Protesters Who Picketed With Feces Get a Break

     (CN) – A union whose members protested with feces should not have to pay the law-enforcement agencies that tried to keep order, the 9th Circuit ruled.
     In June 2011, two chapters of the International Longshore and Warehouse Union picketed a grain terminal operated by Export Grain Terminal (EGT), which was on land leased from the Port of Washington. The union claimed its collective bargaining agreement with the port required EGT to hire union members.
     EGT filed charges against the union with the National Labor Relations Board. The board in turn asked a federal judge to restrain the union from picketing at the grain terminal.
     The board’s petition accused union members of using threats and harassment to coerce people against EGT. It also said union members physically assaulted EGT employees, dropped a bag of manure onto the terminal’s property from an aircraft, threw eggs at employees and put bags of feces outside the terminal’s administration building.

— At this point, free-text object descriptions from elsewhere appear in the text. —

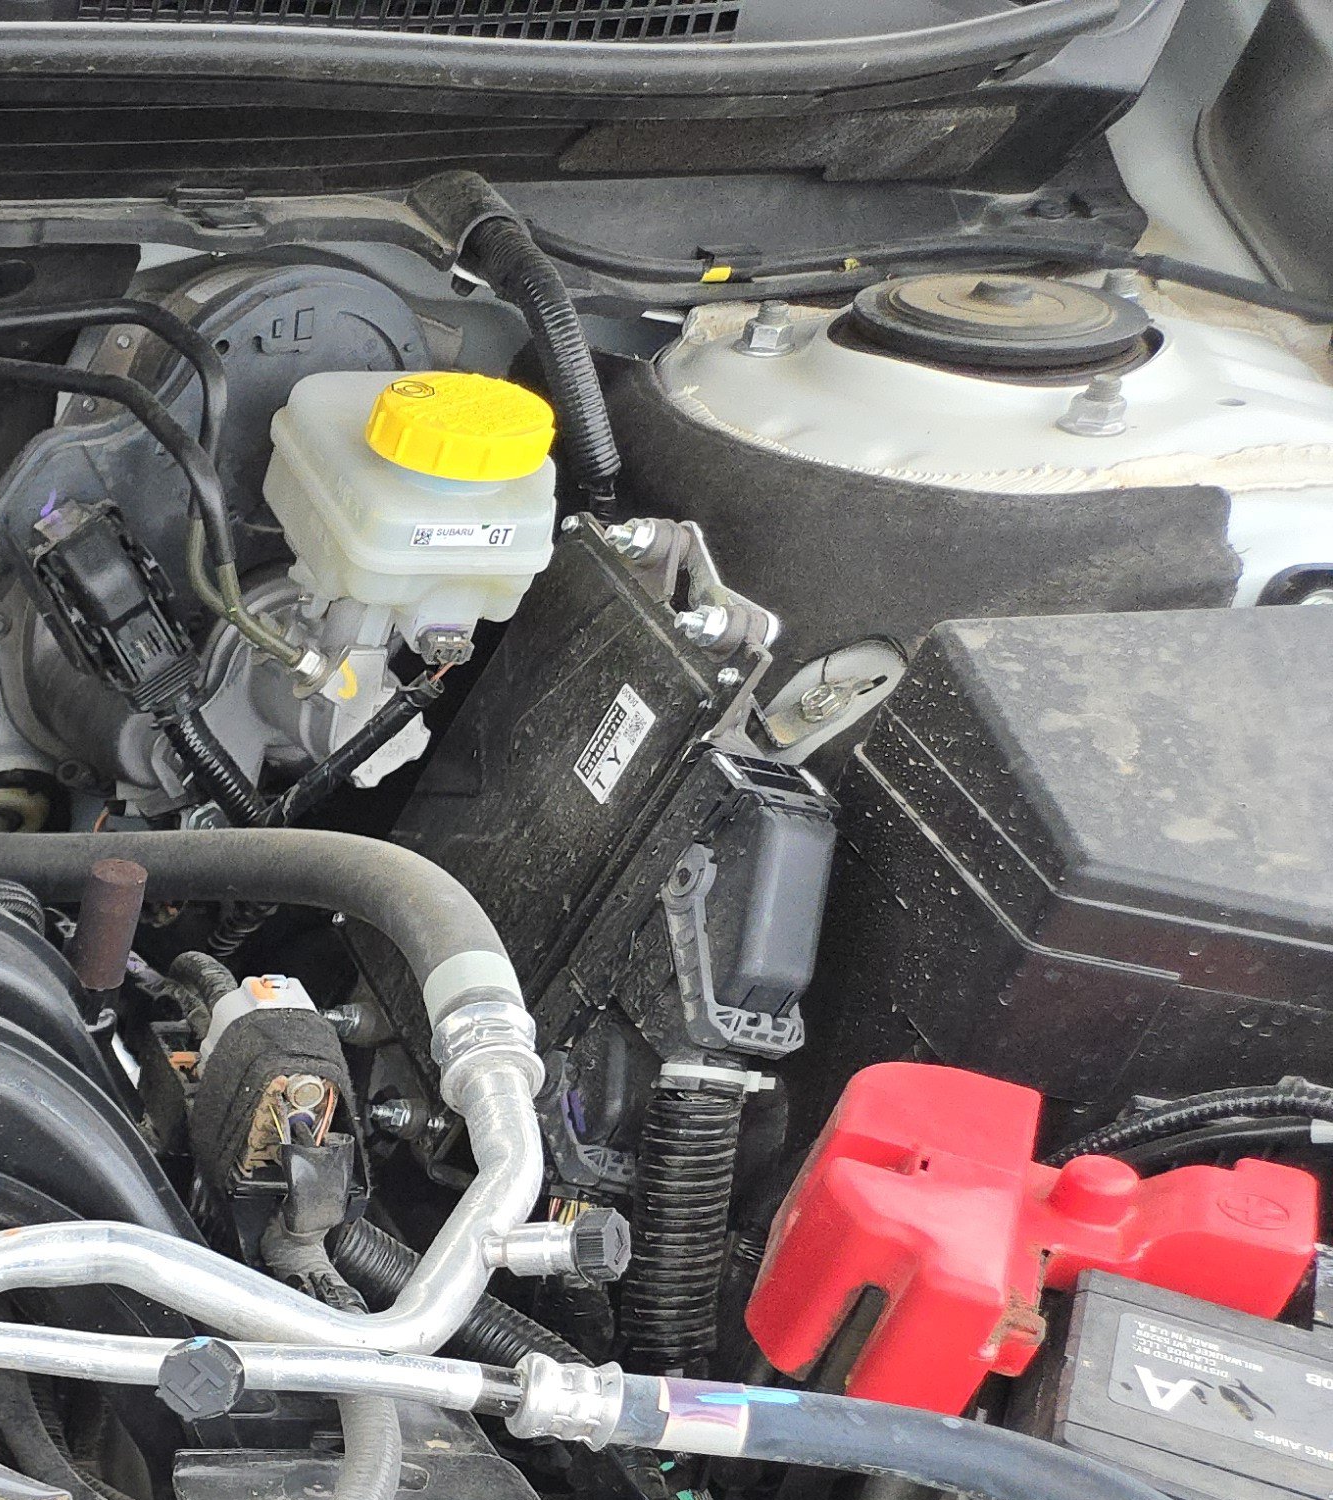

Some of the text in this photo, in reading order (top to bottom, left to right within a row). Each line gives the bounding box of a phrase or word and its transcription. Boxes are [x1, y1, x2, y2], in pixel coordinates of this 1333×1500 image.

[436, 528, 513, 545] SUBARU GT
[591, 771, 606, 790] T
[606, 745, 621, 766] Y
[1186, 1334, 1220, 1352] MADE
[1153, 1349, 1230, 1379] DISTRIBUTED
[1133, 1364, 1198, 1412] A
[1253, 1429, 1302, 1450] AMPS

     U.S. District Judge Ronald Leighton ultimately issued the temporary restraining order in September 2011 to stop the unions from “picket line violence, threats and property damages, mass picketing and blocking of ingress” at the grain terminal.

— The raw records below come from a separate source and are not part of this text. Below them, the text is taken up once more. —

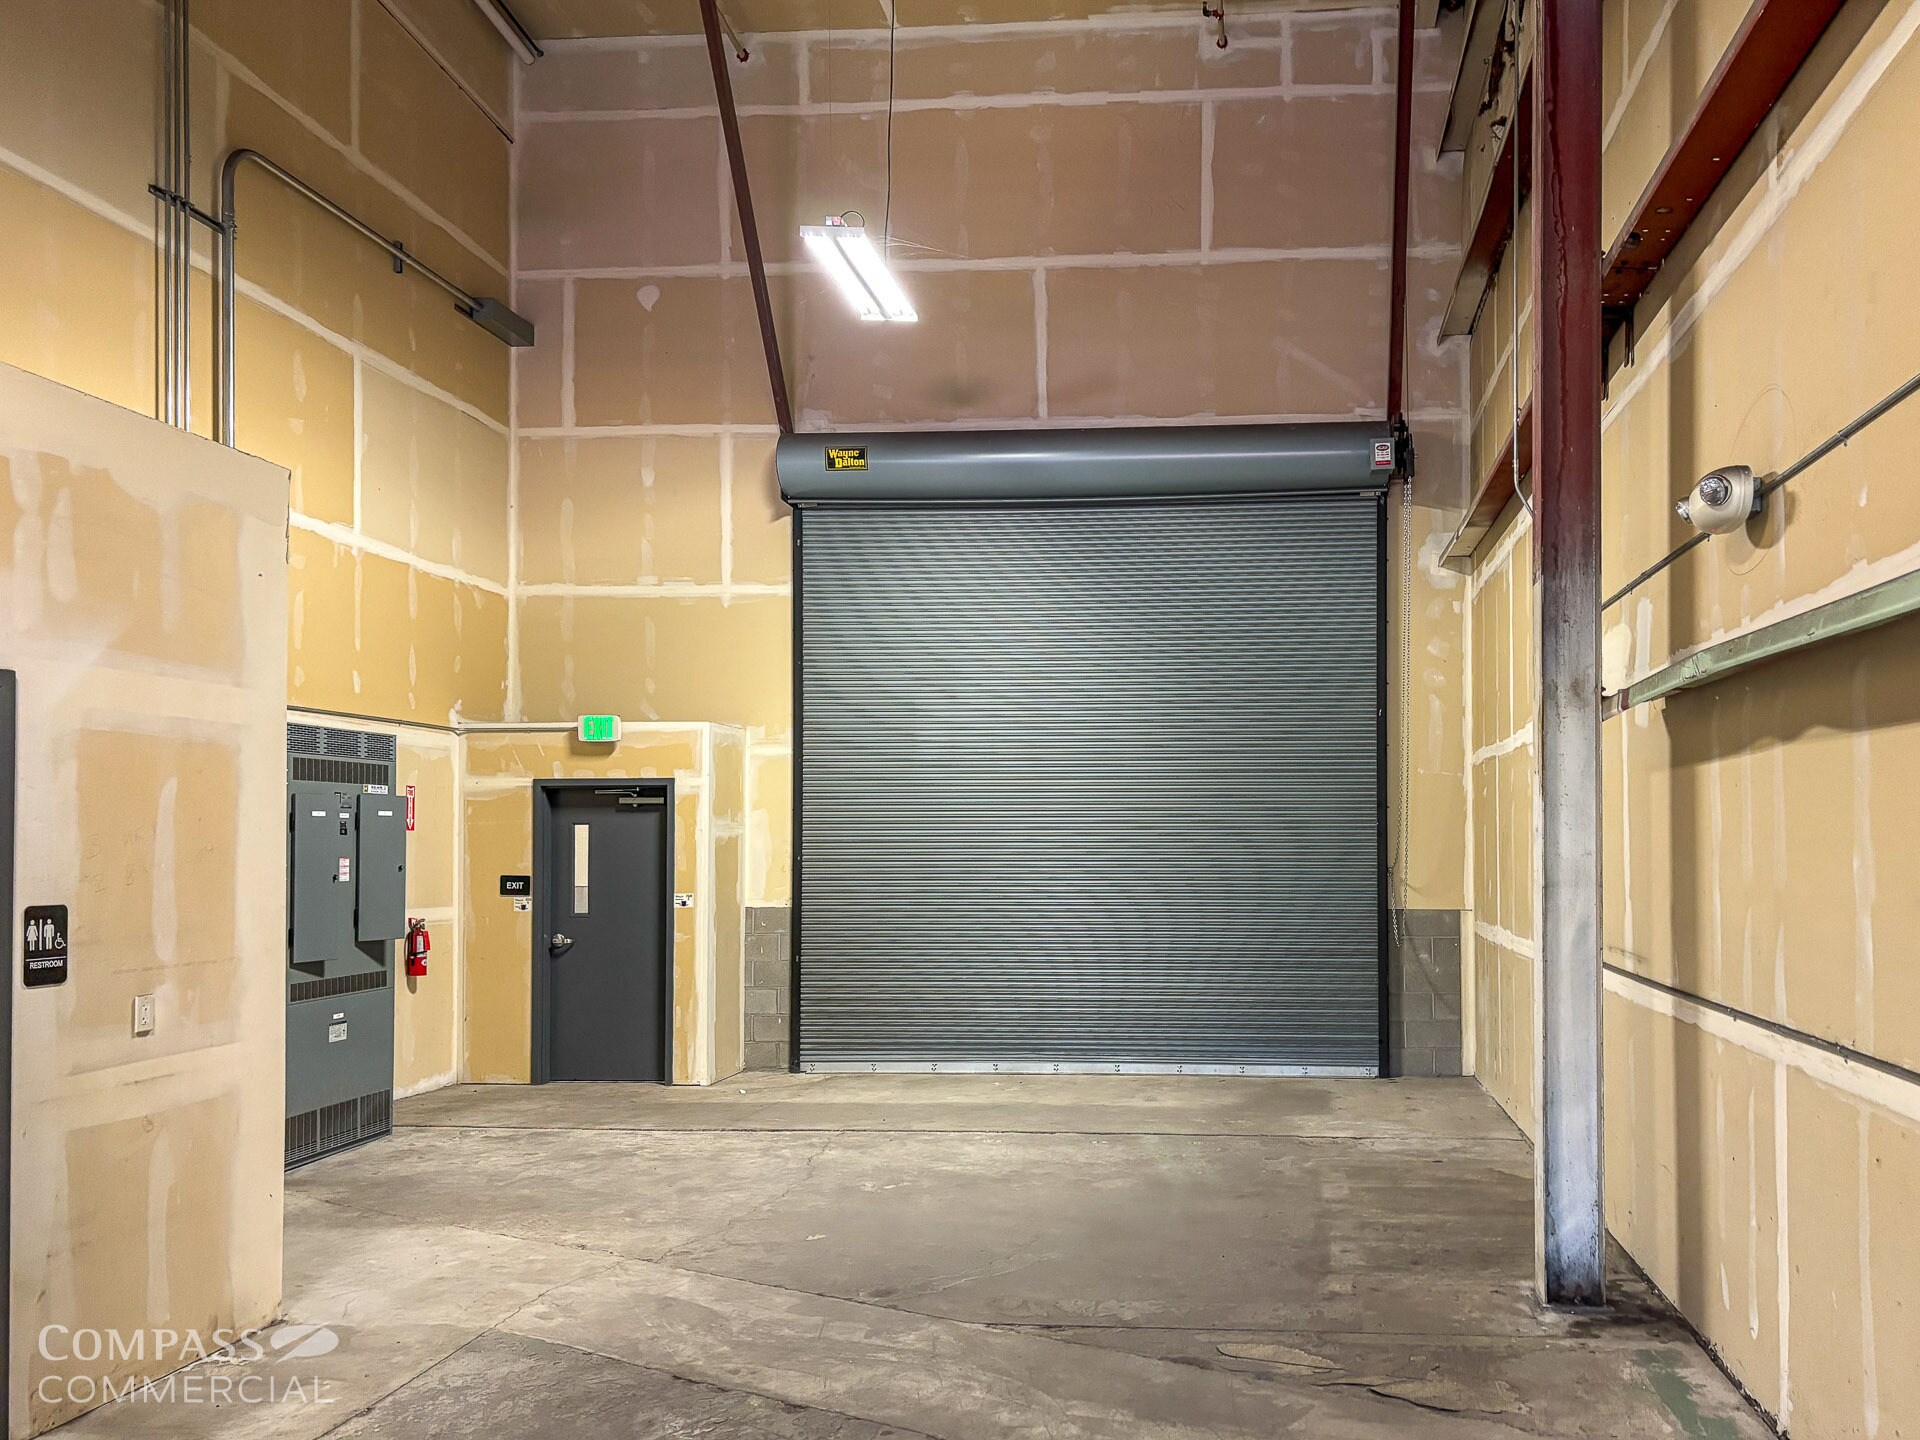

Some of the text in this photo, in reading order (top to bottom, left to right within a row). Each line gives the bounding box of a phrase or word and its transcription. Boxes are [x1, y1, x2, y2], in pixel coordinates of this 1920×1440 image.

[828, 449, 860, 460] Wayne
[835, 458, 865, 468] Dalton
[584, 716, 613, 740] EXIT
[506, 881, 525, 890] EXIT
[29, 960, 64, 970] RESTROOM

     Days later, however, the labor board said “several hundred people acting in concert with the unions” picketed on a railway in Vancouver, Wash., effectively blocking a train going to the grain terminal.
     The next day, picketers “armed with gardening shears, baseball bats, broken broom sticks and metal pipes” broke windows, dumped a BNSF train car full of corn, and cut the train’s air hoses, among other things, the board said.
     Finding the union in contempt of the restraining order, the court issued a preliminary injunction and ordered it to pay $250,000 to be split among the labor board, the grain terminal, BNSF railways, and local law enforcement.
     After another picketing incident the next week, the court again found the union in contempt, and awarded the labor board more than $64,000 in compensatory damages.
     On appeal, the union claimed that the court lacked discretion to have it compensate third parties – namely the BNSF and the law-enforcement agencies. It also said it should not be forced to compensate the charging party, EGT, since the grain terminal operator failed to employ its sole remedy for collecting damages, Section 303 of the Labor Management Relations Act.
     Finding that the record supports the amount of damages to the NLRB and EGT, a three-judge panel of the 9th Circuit said that the contempt award was “civil, not criminal, and therefore did not require the heightened procedural protections that attach to criminal contempt proceedings.” As such the union was not entitled to a jury trial, according to the ruling.
     It was an abuse of discretion, however, to award BNSF and the various law-enforcement agencies damages, the Seattle-based appellate panel found, noting that “these entities were not parties to the underlying NLRB action.”
     “The District Court’s compensatory damages awards to the law enforcement agencies who responded to the picketers and to BNSF did not and could not help enforce this injunction,” U.S. District Judge Raner Collins wrote for the court, sitting by designation from the District of Arizona. “Rather, those awards were entirely retrospective and compensatory.
     With those damages vacated, the panel affirmed the rest of the District Court decision.